Set down each entry below exactly as written, keeping the pictures out.

*Data provided:*
================================
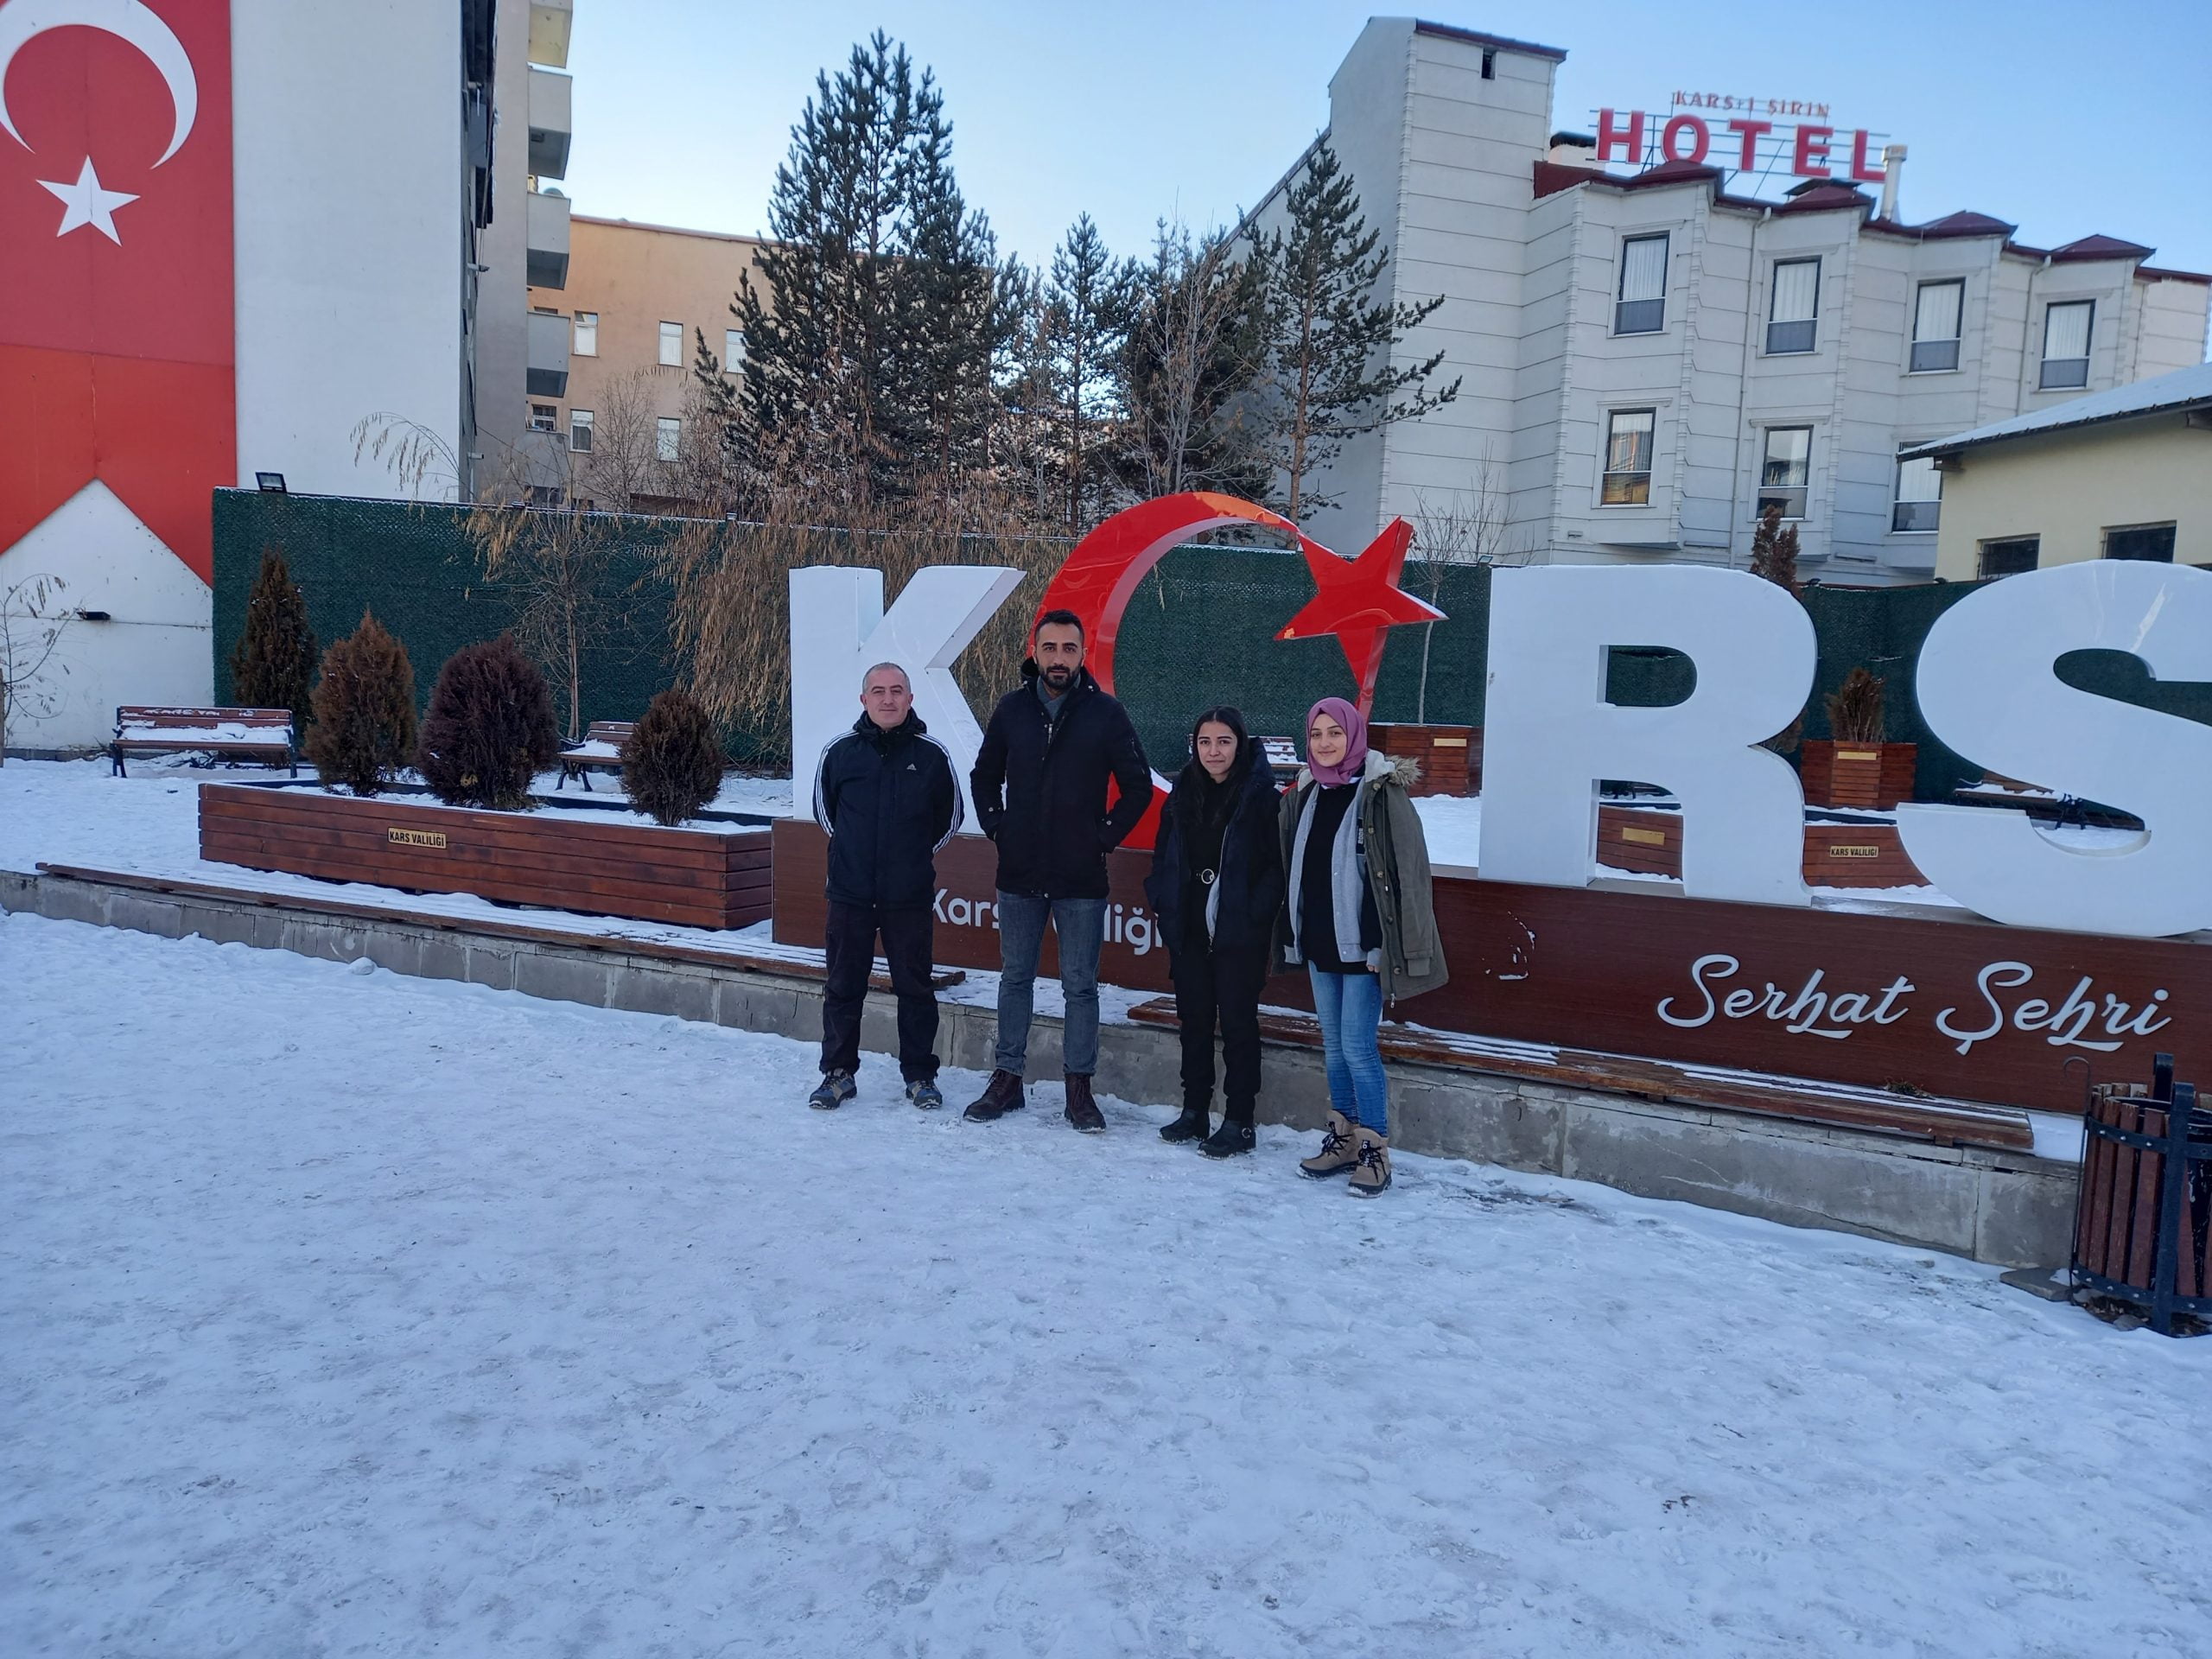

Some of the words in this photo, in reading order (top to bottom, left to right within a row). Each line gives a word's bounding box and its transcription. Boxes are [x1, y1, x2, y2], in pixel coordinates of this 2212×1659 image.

[1595, 107, 1887, 183] HOTEL
[389, 831, 410, 842] KARS
[1831, 848, 1849, 856] KARS
[1657, 954, 1916, 1039] Serhat
[1936, 961, 2172, 1056] Şehri
================================
*Exercise response:*
Some of the words in this photo, in reading order (top to bottom, left to right within a row). Each line gives a word's bounding box and its transcription. Boxes are [x1, y1, x2, y2], in pixel coordinates of this 2212×1659 image.

[1595, 107, 1887, 183] HOTEL
[389, 831, 410, 842] KARS
[1831, 848, 1849, 856] KARS
[1657, 954, 1916, 1039] Serhat
[1936, 961, 2172, 1056] Şehri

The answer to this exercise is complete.